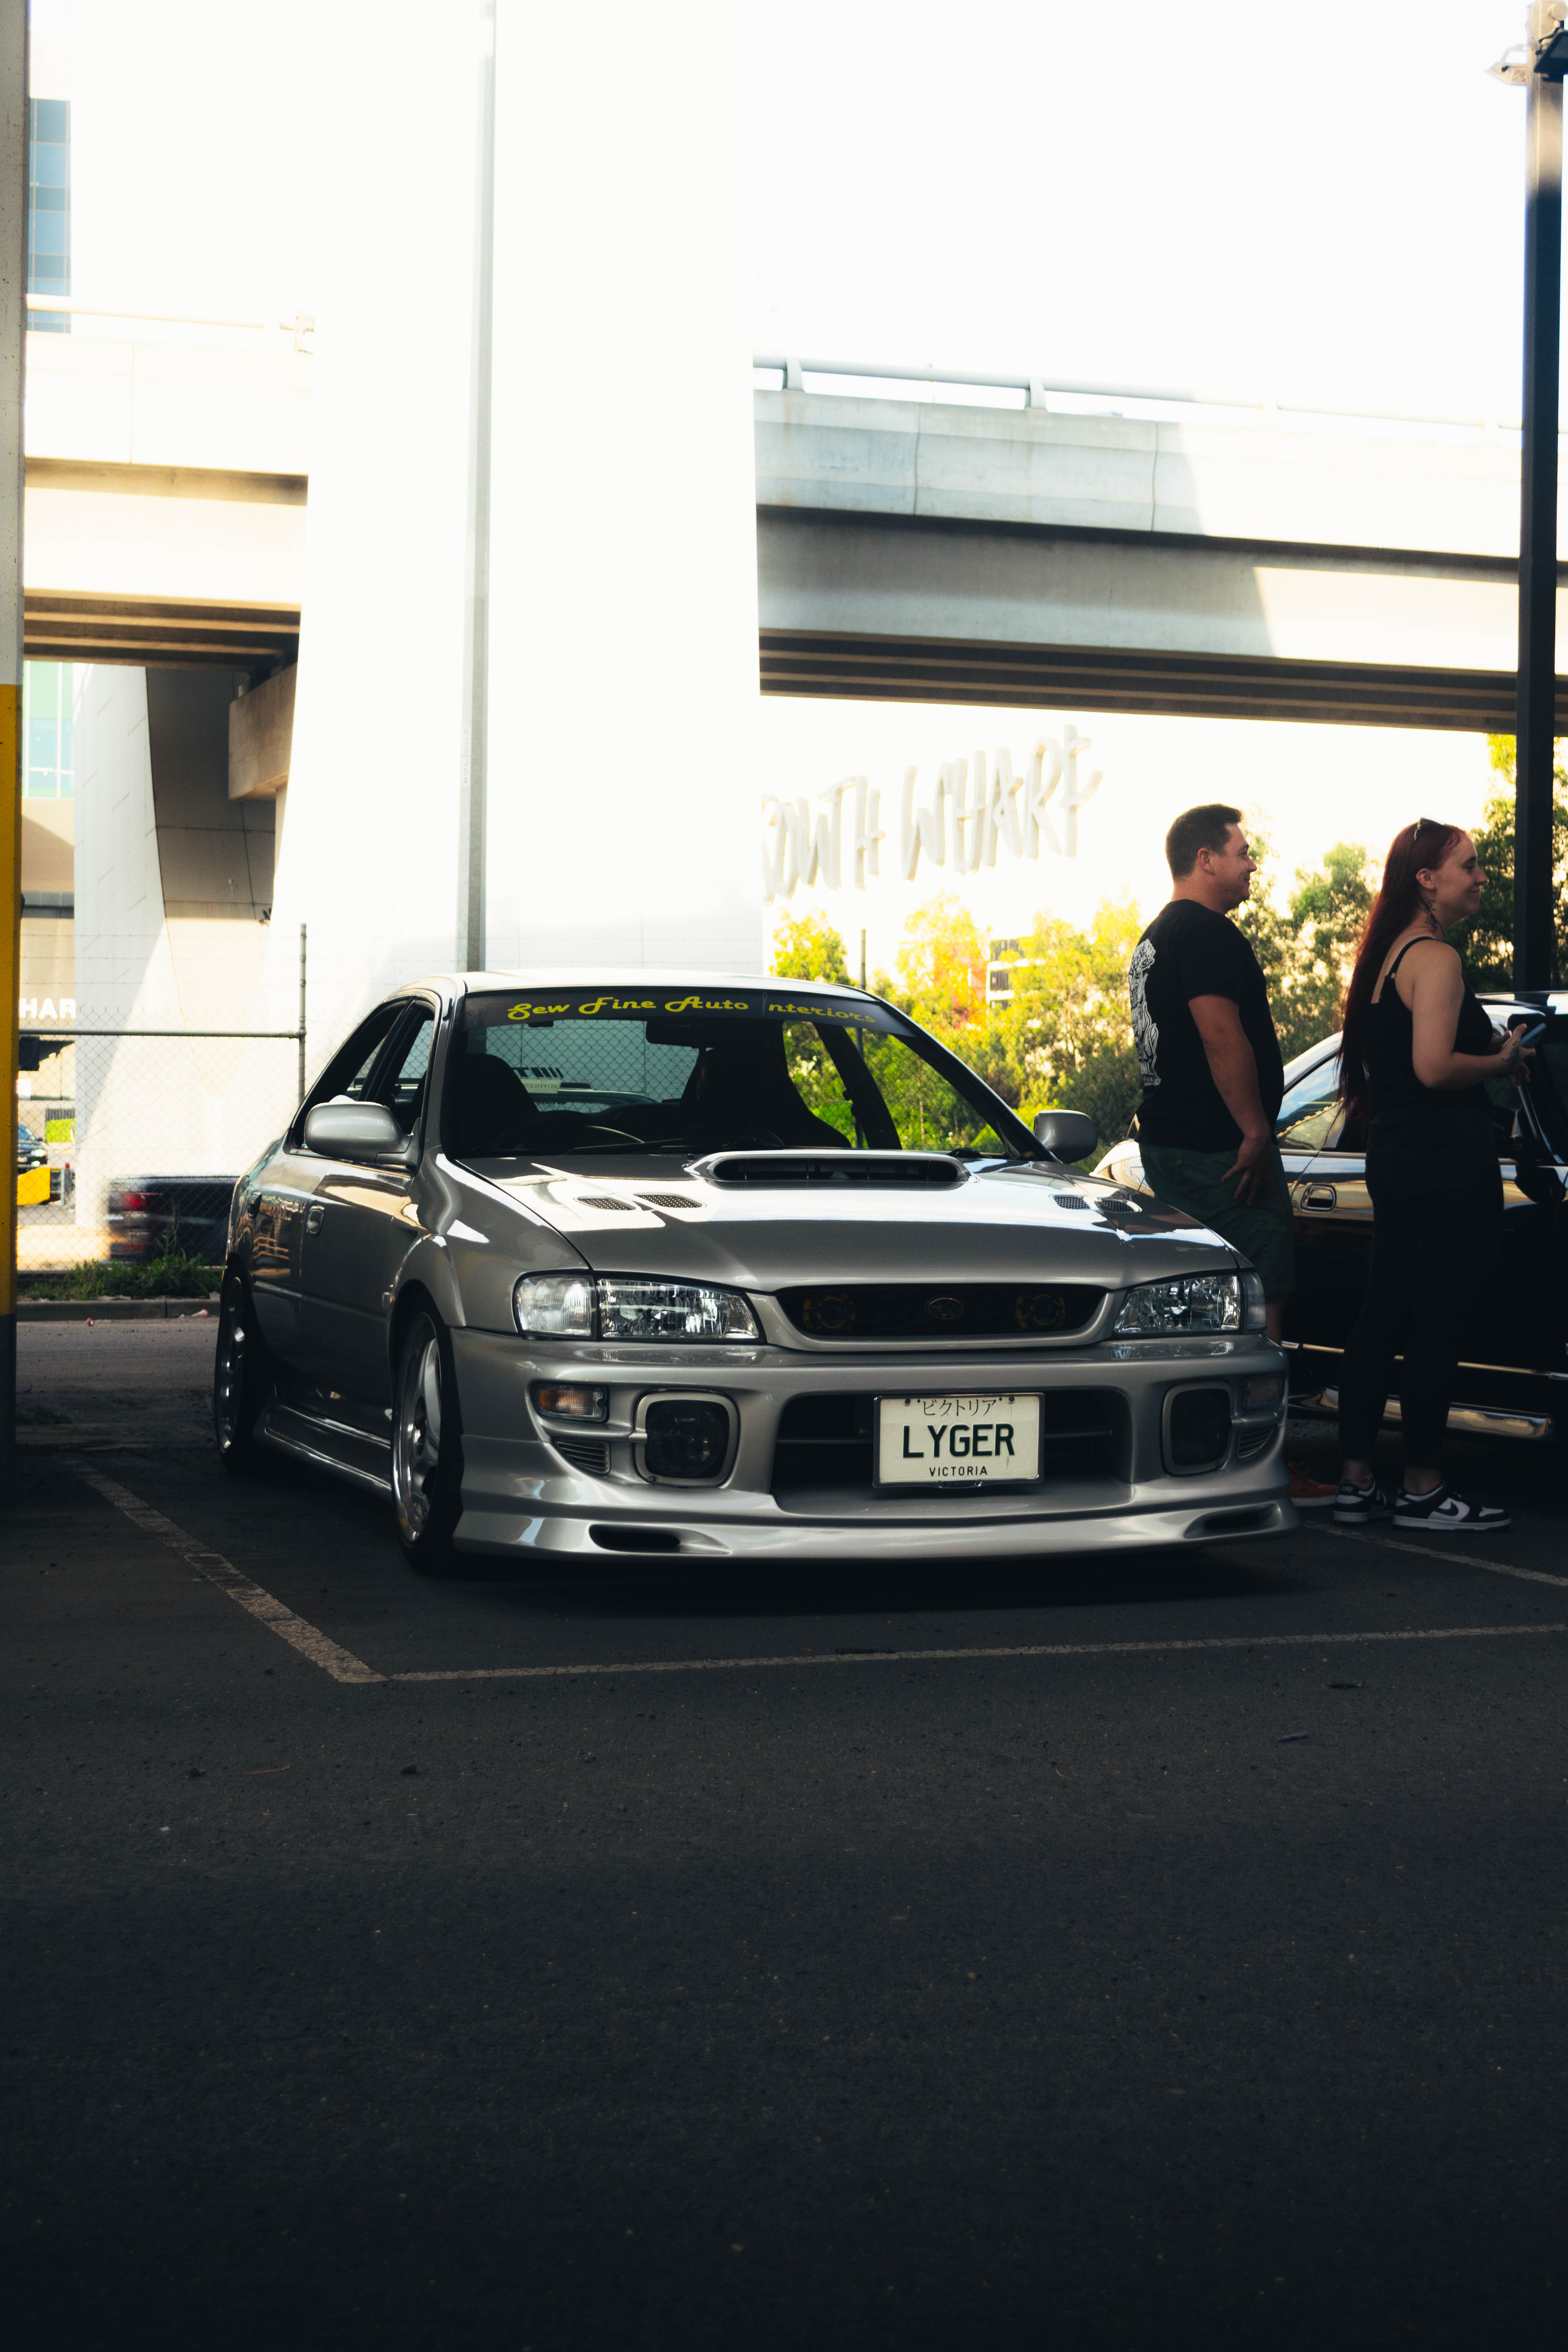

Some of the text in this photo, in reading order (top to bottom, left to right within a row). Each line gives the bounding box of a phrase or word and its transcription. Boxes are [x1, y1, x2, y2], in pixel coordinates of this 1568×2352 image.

[901, 723, 1103, 881] WHARF
[508, 1003, 570, 1020] Sew
[579, 997, 656, 1015] Fine
[664, 996, 748, 1012] Auto
[923, 1399, 996, 1416] ビクトリア
[929, 1466, 987, 1477] VICTORIA

______________________________

Task goal
Without the pictures, give back every record precisely as shown.

Task solution
Some of the text in this photo, in reading order (top to bottom, left to right within a row). Each line gives the bounding box of a phrase or word and its transcription. Boxes are [x1, y1, x2, y2], in pixel coordinates of this 1568×2352 image.

[901, 723, 1103, 881] WHARF
[508, 1003, 570, 1020] Sew
[579, 997, 656, 1015] Fine
[664, 996, 748, 1012] Auto
[923, 1399, 996, 1416] ビクトリア
[929, 1466, 987, 1477] VICTORIA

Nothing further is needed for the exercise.